A crucial exception, that, if applied to, say, the San Francisco RCV 
elections, would require many of them -- almost everyone where there 
was an "instant runoff -- to be repeated, thus kind of blowing the 
utility of RCV out of the water!

Now, what can be done about this? I don't know. Wikipedia process is 
so cumbersome that no particular approach is reliable. It is often a 
matter of convincing "neutral editors" that a change is okay. The 
problem is that "neutral editors" generally are ignorant on the 
topic, and easily misled. It can be very tricky. Wikipedia is 
"anti-expert." There is something appealing about this, but it also 
leads to serious problems where accurate interpetation of sources is 
involved. Non-experts may easily misunderstand sources!

In this case, a parliamentarian would quickly realize the 
implications of "majority." But most editors aren't parliamentarians!

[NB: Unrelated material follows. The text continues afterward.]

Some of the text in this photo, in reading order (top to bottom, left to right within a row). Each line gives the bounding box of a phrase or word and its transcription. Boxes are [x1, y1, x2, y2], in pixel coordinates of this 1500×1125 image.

Here is a remarkable recent edit that can illustrate the problem:

http://en.wikipedia.org/w/index.php?title=Instant-runoff_voting&diff=561293057&oldid=560680057

The editor claims, in his edit summary, that

>(There is no such thing as an "absolutely majority" (nor, a 
>correctly spelled "absolute majority"). A majority is defined as 
>more than half.

There was an obvious error there, but in voting system descriptions, 
"absolute majority" refers to "majority of the votes." It's distinct 
from the IRV "last round majority," or the "majority of votes for 
candidates not yet eliminated. In Australia -- and Wikipedia is about 
the world, not just the United States, for sure -- the term "absolute 
majority" is used with the "majority of all the votes" meaning, that 
is, all *legal votes.* Australia requires that, to be a legal vote, 
and in "absolute majority" jurisdictions, the voter rank *all* the 
candidates, so an absolute majority is guaranteed by the rules. In 
some Australian jurisdictions, "OPV," or Optional Preferential 
Voting, is allowed, and the term "absolute majority" is then changed 
to the modified majority that excludes some legal votes as part of the basis.

This editor still left "absolute majority" in the text, a few words 
later. The change was not wrong, but betrays an ignorance of the issues.

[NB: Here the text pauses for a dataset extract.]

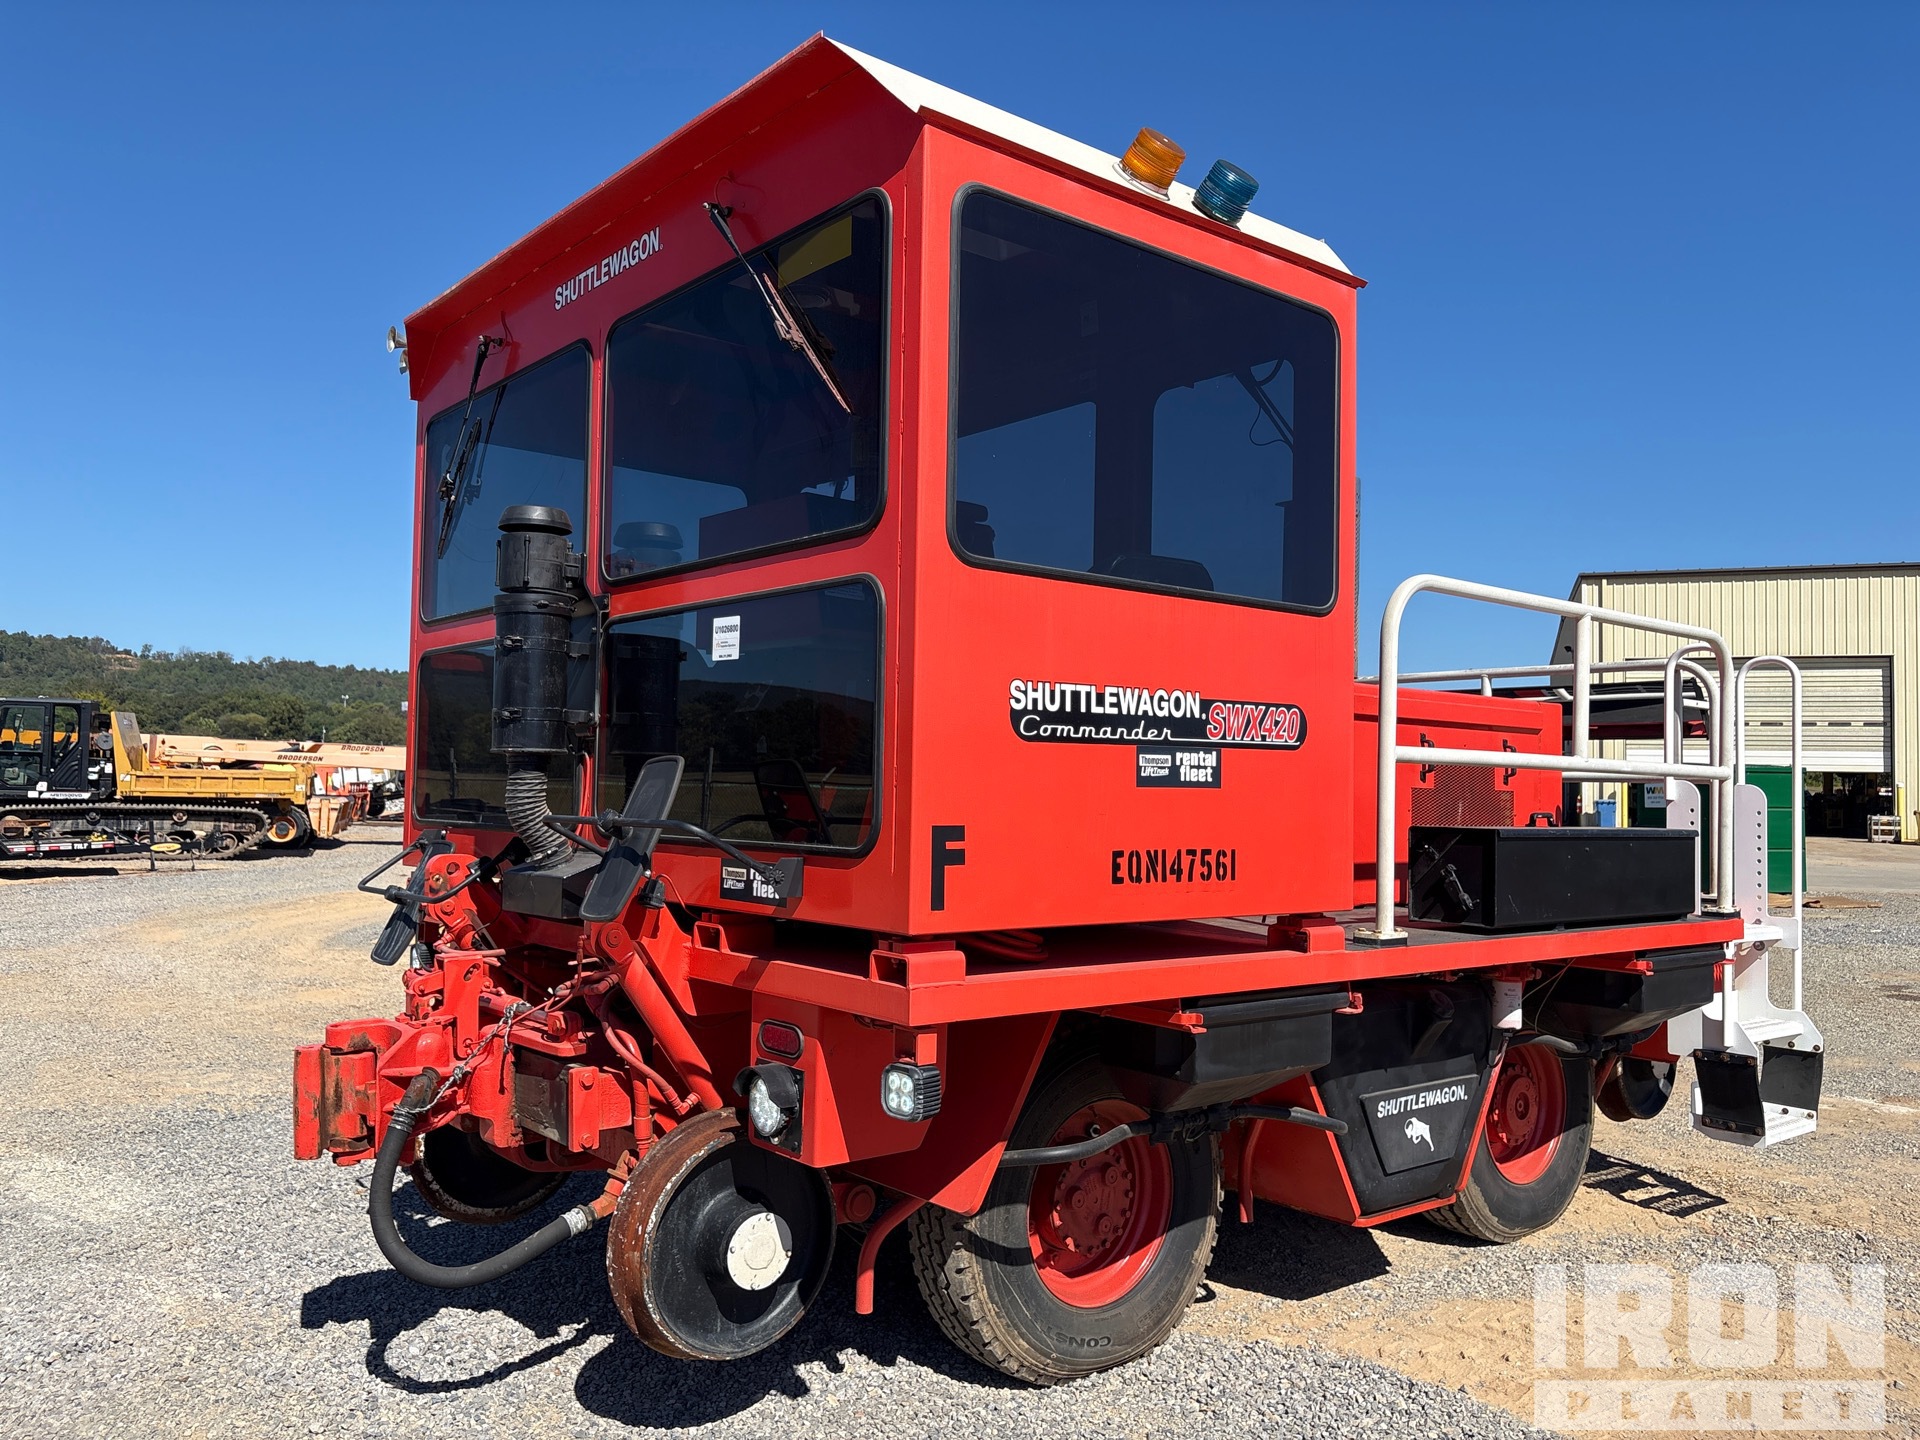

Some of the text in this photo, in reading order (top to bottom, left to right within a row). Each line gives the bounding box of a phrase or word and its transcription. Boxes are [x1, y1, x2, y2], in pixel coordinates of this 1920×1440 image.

The section on IRV procedure is effectively designed to be "true" but 
to suppress recognition of the difference:

>The process repeats until one candidate achieves a majority of votes 
>cast for continuing candidates. Ballots that 'exhaust' all their 
>preferences (all its ranked candidates are eliminated) are set aside.

Notice the inserted phrase "cast for continuing candidates." That 
excludes many votes, such that, *often*, IRV winners don't actually 
have the support of a majority of voters, in spite of major 
propaganda in implementation campaigns that IRV is a way to find such 
majorities. Thet explantion, "set aside," matches the RRONR 
description. Those ballots are literally "set aside" in manual 
counting procedures, i.e., they are no longer counted. But what does 
not change in the RRONR procedure is the definition of majority. It 
was calculated at the beginning, in the first round, and it remains the same.

Most people don't think of or realize the implications of candidate 
elimination. They tend to think very simply, of a situation like Gore 
v. Bush v. Nader. They think of eliminated candidates as minor ones. 
Yet, in fact, IRV can eliminate a candidate who would, in a pairwise 
election, beat every other candidate, but this candidate simply has 
less first-preference votes than two others. Lower-preference votes 
for the candidate may exist, underneath votes for the "top two" as 
identified by IRV. That is, IRV can decide a winner *against* the 
expressed preference of a majority, and it's been known to do that. 
This is why RRONR criticizes IRV, when they refer to a "compromise 
choice." That means a choice that is *actually acceptable to a 
majority of voters.*

Every attempt to explain this in the article was shot down by 
FairVote advocates. It's not that they have the power to control the 
article. It's that they became skilled in presenting misleading arguments.